A voice from the doorway broke into the conversation. “You see? Even your precious Solomon agrees, Papa,” Asher said. “It will not matter if we are all dragged from our homes who gets what you built.”

Jacob looked from one to the other, his chin jutting out like a shell of granite. “I will think on it,” he said, then shifted forward, grabbing the table with its chess pieces arranged on it. “Who will play?”

Asher shook his head, his mouth pinched tight. “You can’t make it go away if you don’t look, Papa,” he said, and flung up his hands. “You try, Solomon. None of the rest of us can get through to him!”

With a chuckle he could not suppress, Solomon turned back to his father. “So, King Jacob has spoken, eh?”

For a moment, Jacob struggled with a scowl. He gave up and gave his son a reluctant grin. “I will think on it. Now, come. Play.”

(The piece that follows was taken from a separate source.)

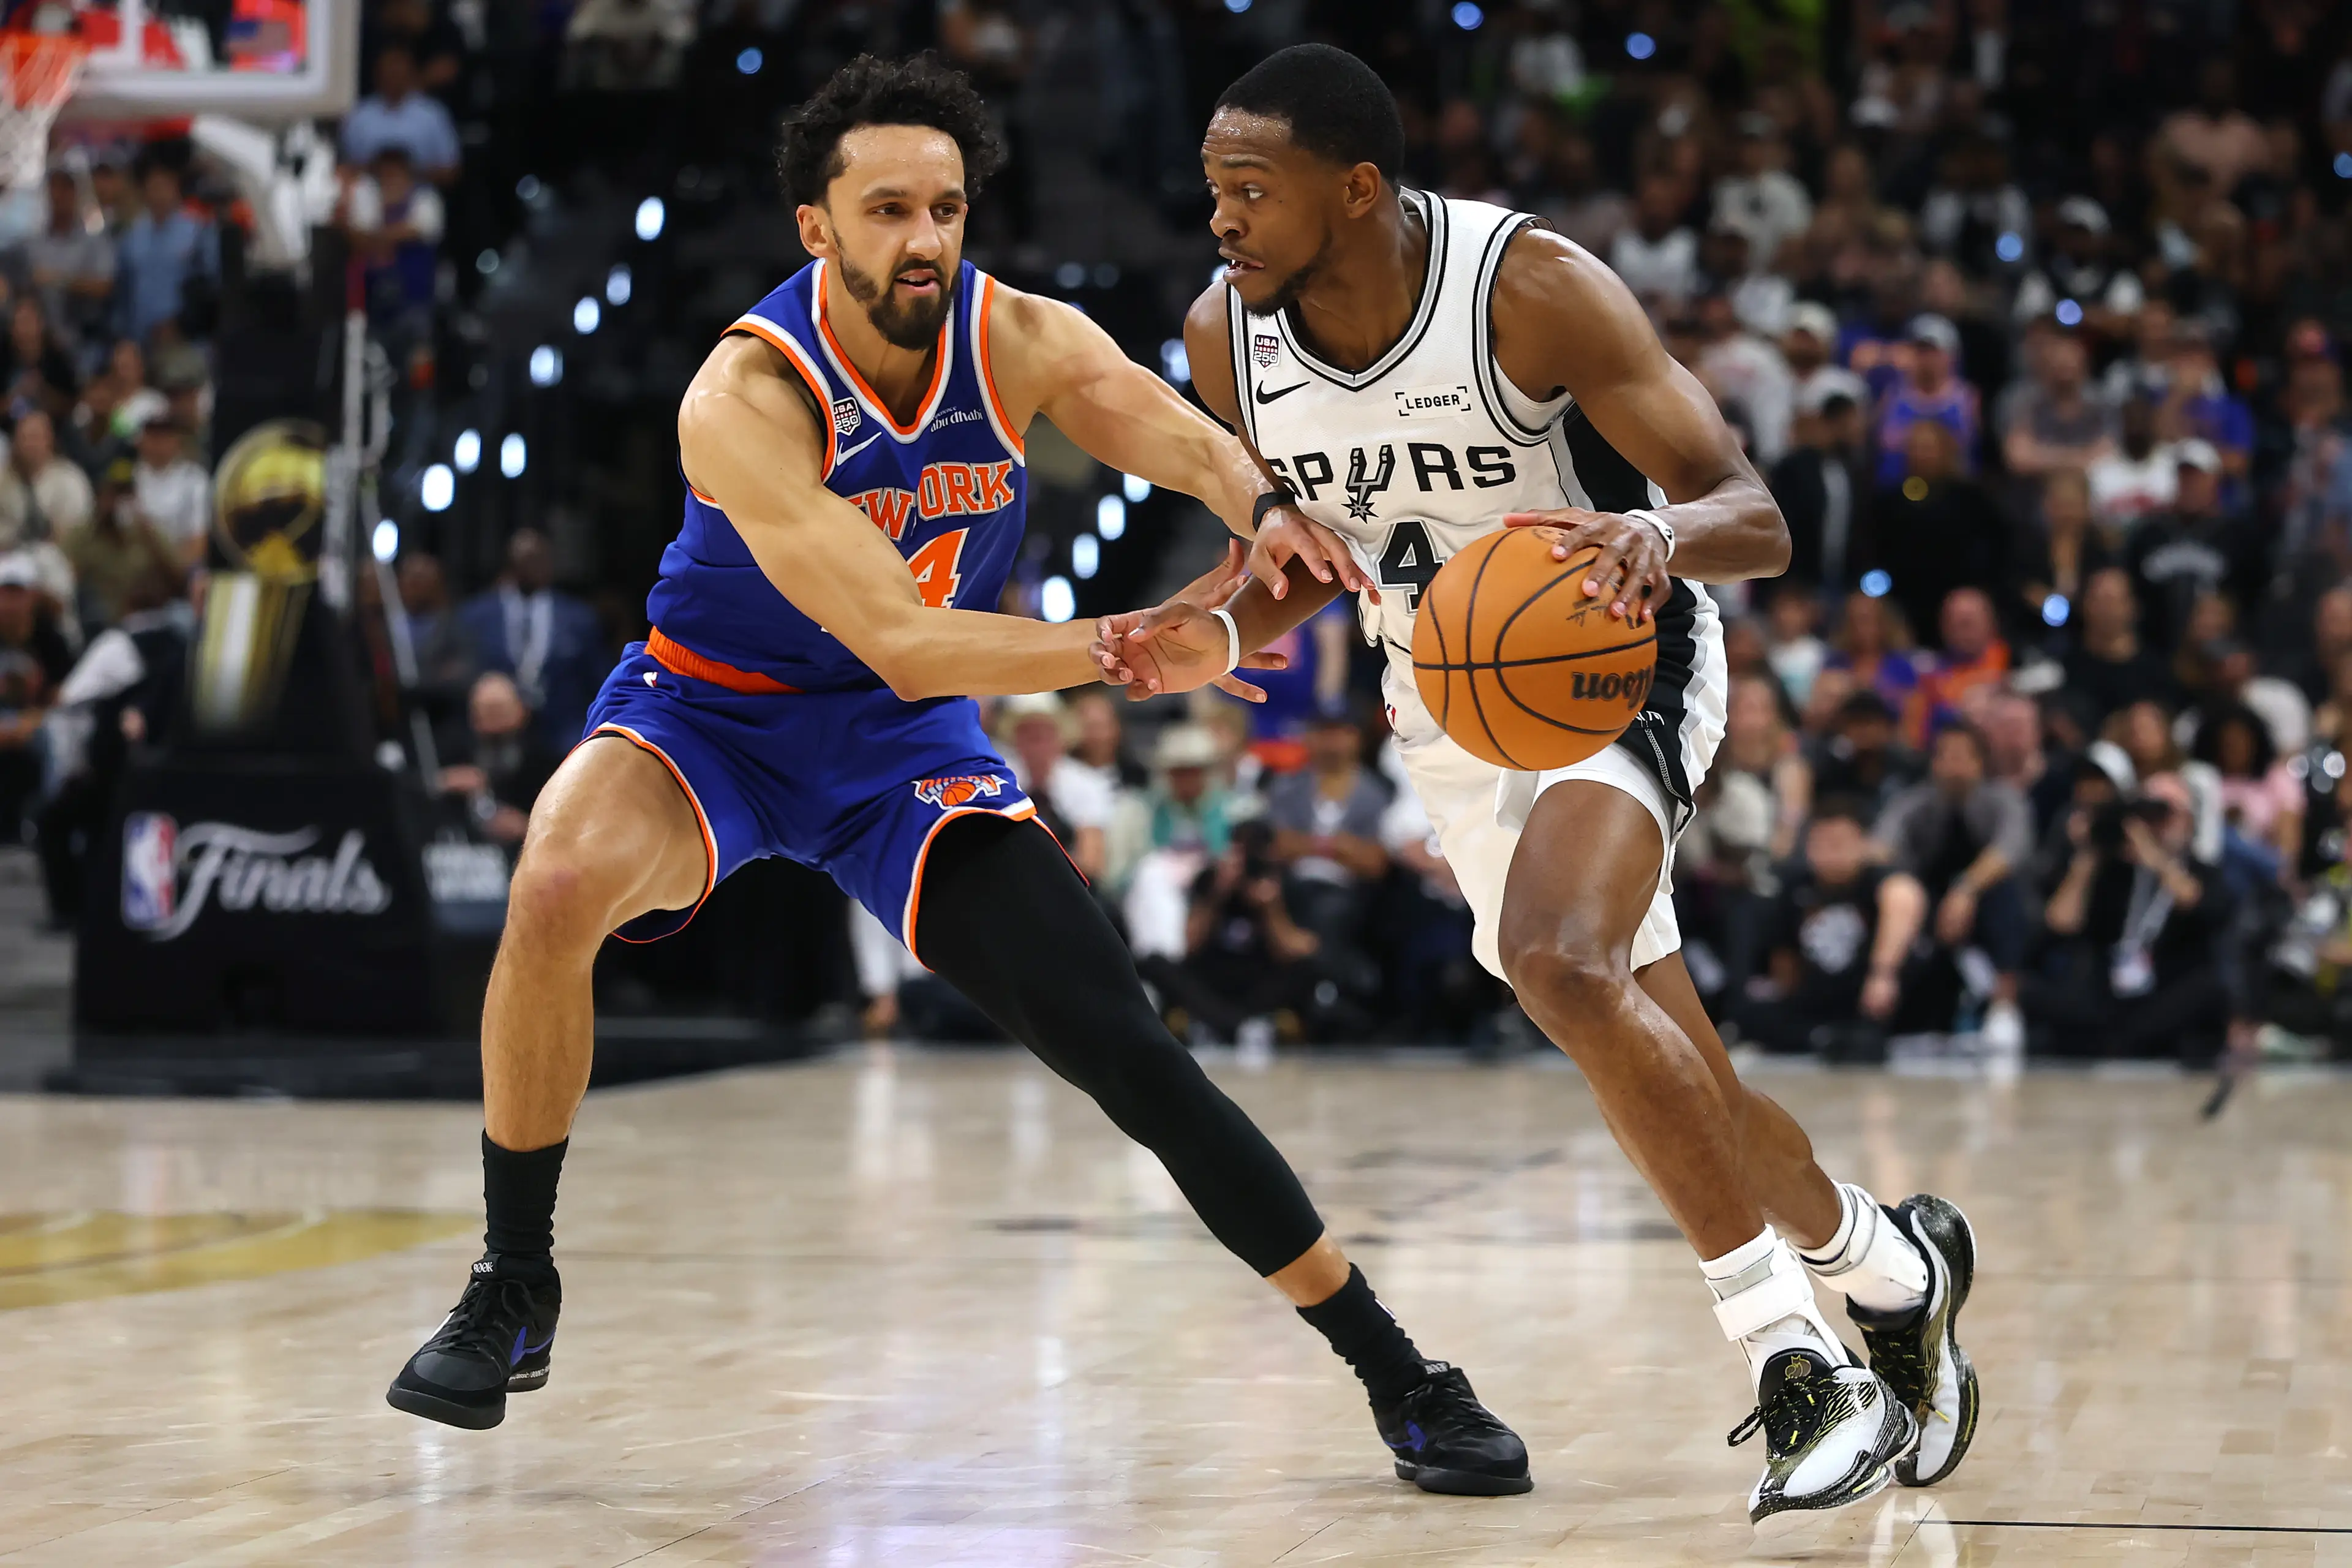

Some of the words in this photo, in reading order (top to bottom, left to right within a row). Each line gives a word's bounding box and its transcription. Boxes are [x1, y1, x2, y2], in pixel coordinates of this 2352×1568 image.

They arranged the pieces, whose long shadows were cast on the ceiling by the warming fire. From the kitchen came the sounds of women chattering together as they cooked, and one of them began to sing in a sweet high voice. A healing sound.

“There is a girl I want you to meet, Solomon,” he said, moving a pawn. “She is the daughter of a merchant in Mainz… I would much like the alliance.”

Solomon grinned. “Papa, I have been home only a few days and already you will marry me off?”

“Just see her for me, eh?”

It was little enough to ask. And in truth, Solomon had formed no plan for his future. Perhaps a wife, at last, was what he needed. Children, a home. Peace.

There were worse things.

He inclined his head. “All right. I will see her.”

Her name was Hilde. She stood in the courtyard of the temple, and Solomon knew at once why his father wished him to see her. Just see her. She was beautiful, even more than Asher’s wife, Raizel, with eyes rich as an evening sky. On her mouth was a trembling, unawakened passion. She moved her body with grace; a body, he noted with a wry twist of his lips, that any man would be pleased to claim.

He glanced at Jacob, who chuckled. Solomon raised an eyebrow in capitulation. She was worth seeing.

But when they later spoke in his father’s house, Solomon found nothing in him stirring. Not even a mild twinge of passion. He found her simple conversation boring, her gentle voice annoying. The longer they spoke, the less he liked her and the reaction set up a strange disquiet within him. As politely as he was able, he excused himself from the gathering and, taking his cloak from the hook, went out to walk.

It was snowing again, but it wasn’t cold. No wind blew, and the thick, fat flakes drifted down to cover imperfections with a gentle white hand. He made his way through the twisting streets toward the west gate of the city and walked along the river.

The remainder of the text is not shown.